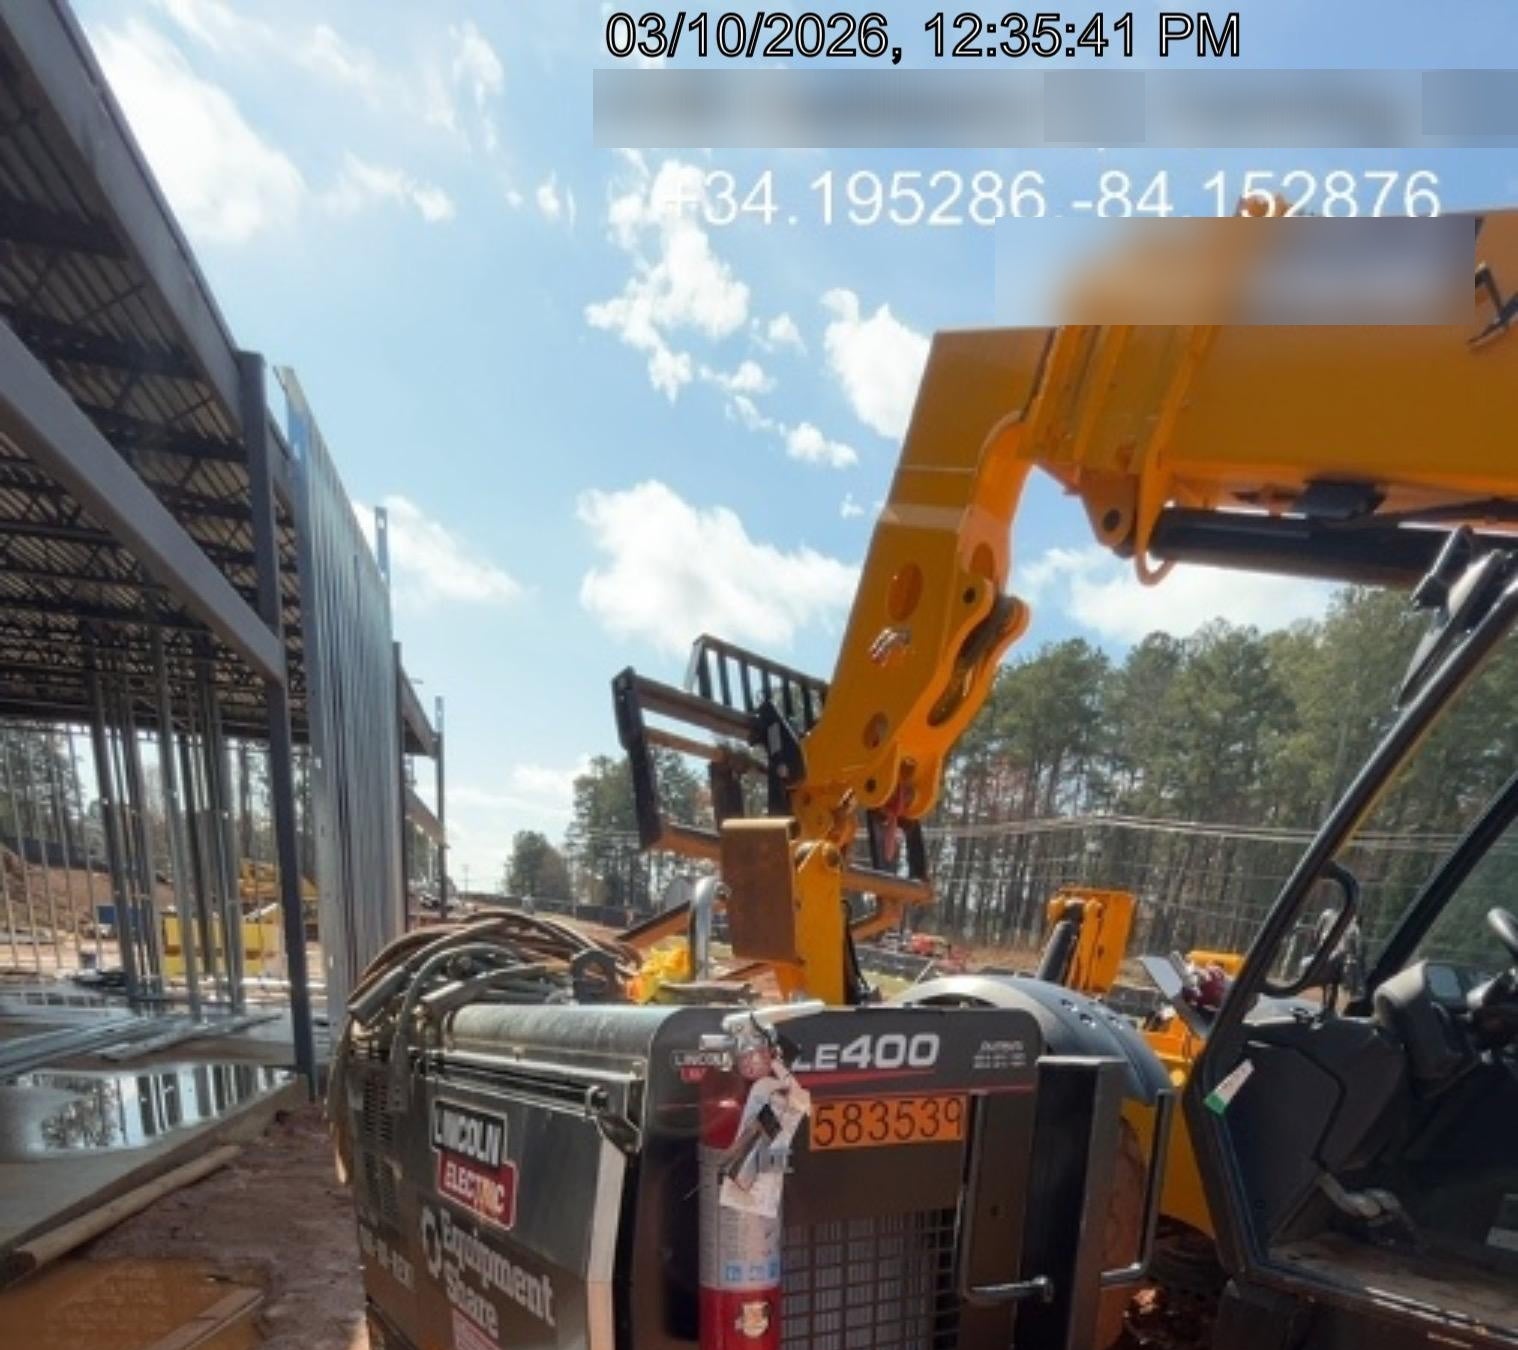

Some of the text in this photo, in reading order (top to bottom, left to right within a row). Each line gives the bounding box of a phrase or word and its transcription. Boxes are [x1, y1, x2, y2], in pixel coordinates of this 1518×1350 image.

[434, 1107, 502, 1168] LINCOLN
[813, 1097, 962, 1147] 583539
[444, 1160, 506, 1215] ELECTRIC
[440, 1207, 556, 1327] Equipment
[443, 1260, 499, 1341] Share
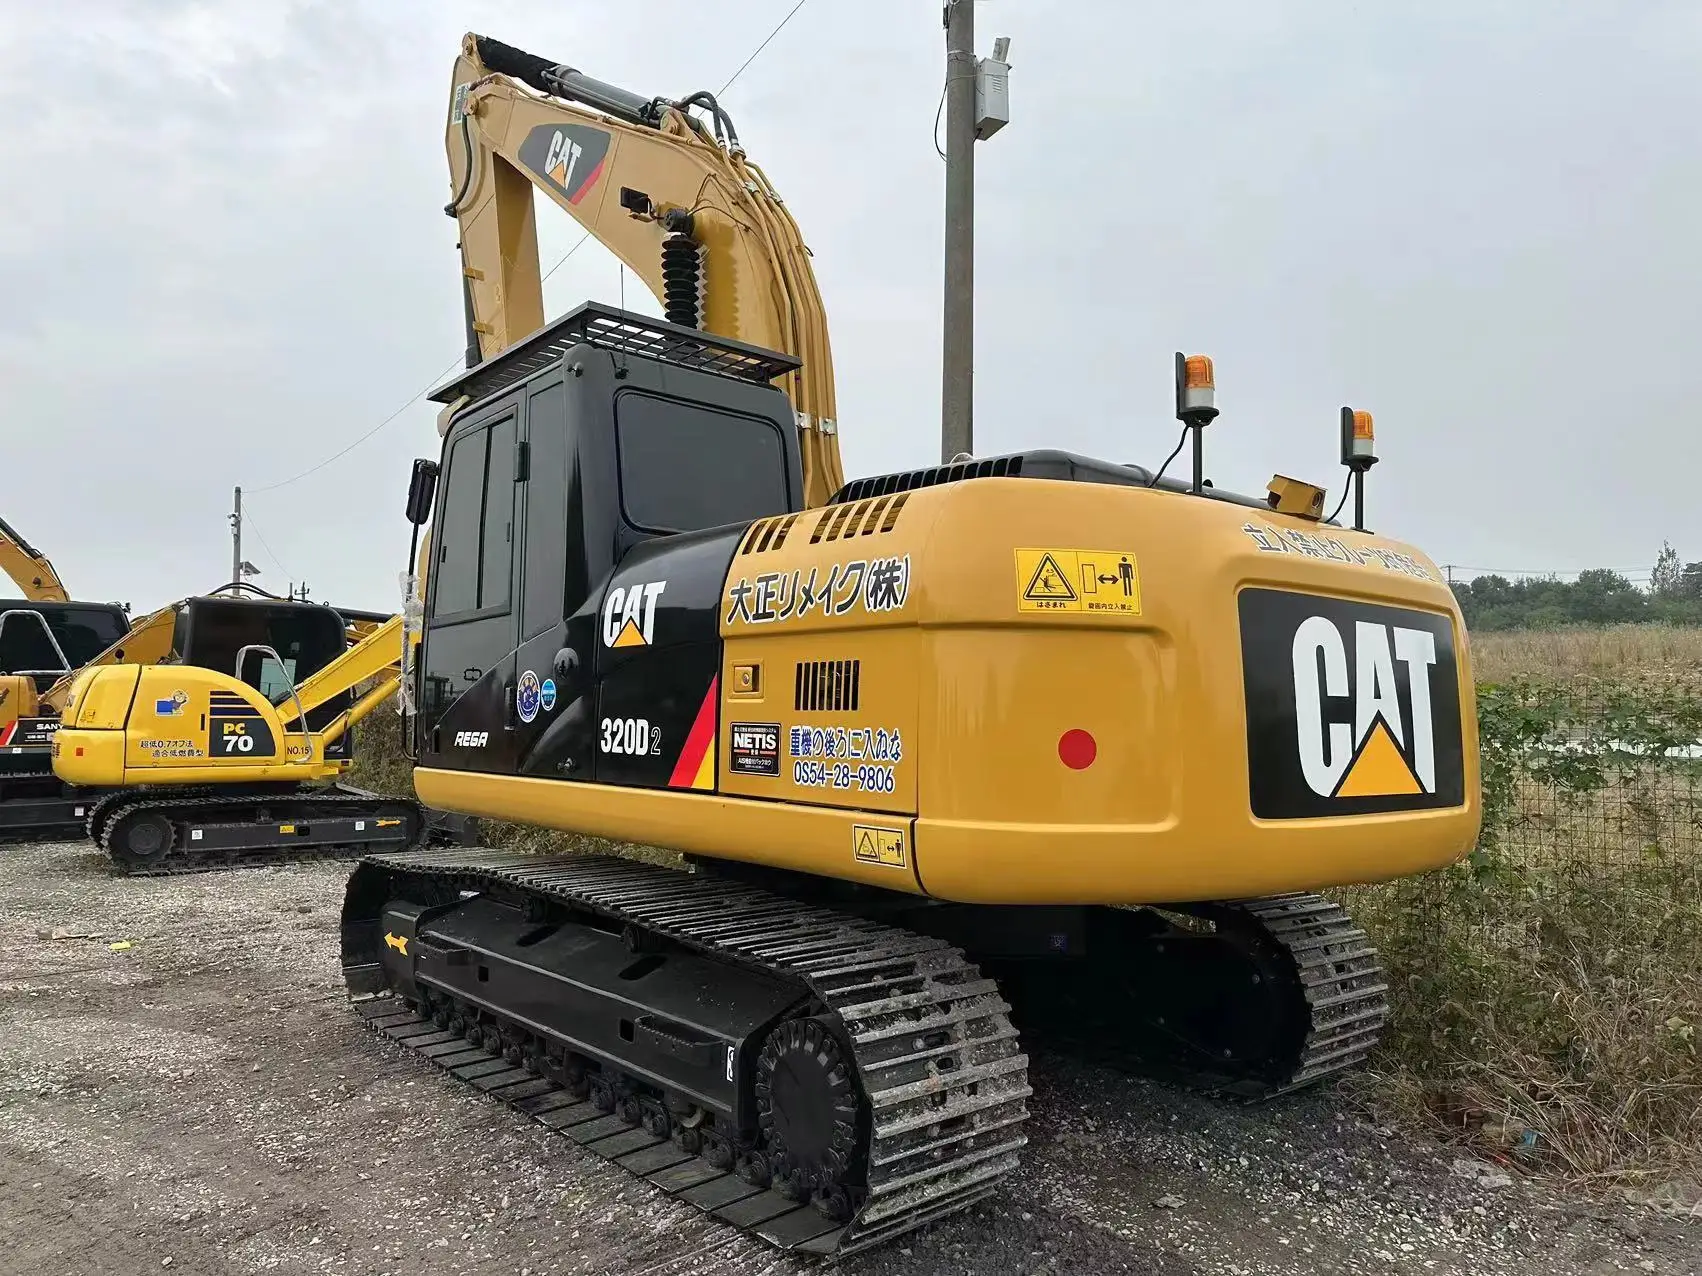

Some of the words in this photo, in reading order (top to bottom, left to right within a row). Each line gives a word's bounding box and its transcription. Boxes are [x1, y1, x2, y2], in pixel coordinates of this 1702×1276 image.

[544, 130, 583, 190] CAT
[603, 581, 667, 648] CAT
[727, 553, 910, 625] 大正リメイク(株)
[223, 722, 246, 735] PC
[1292, 616, 1437, 798] CAT
[222, 735, 254, 752] 70
[733, 733, 777, 750] NETIS
***
=== Problem details ===
Type out all of the records exactly, leaving out any picture.

=== Result for this task ===
Some of the text in this photo, in reading order (top to bottom, left to right within a row). Each line gives the bounding box of a phrase or word and its transcription. Boxes are [x1, y1, x2, y2], in pixel coordinates of this 1518×1350 image.

[434, 1107, 502, 1168] LINCOLN
[813, 1097, 962, 1147] 583539
[444, 1160, 506, 1215] ELECTRIC
[440, 1207, 556, 1327] Equipment
[443, 1260, 499, 1341] Share

Some of the words in this photo, in reading order (top to bottom, left to right within a row). Each line gives a word's bounding box and its transcription. Boxes are [x1, y1, x2, y2], in pixel coordinates of this 1702×1276 image.

[544, 130, 583, 190] CAT
[603, 581, 667, 648] CAT
[727, 553, 910, 625] 大正リメイク(株)
[223, 722, 246, 735] PC
[1292, 616, 1437, 798] CAT
[222, 735, 254, 752] 70
[733, 733, 777, 750] NETIS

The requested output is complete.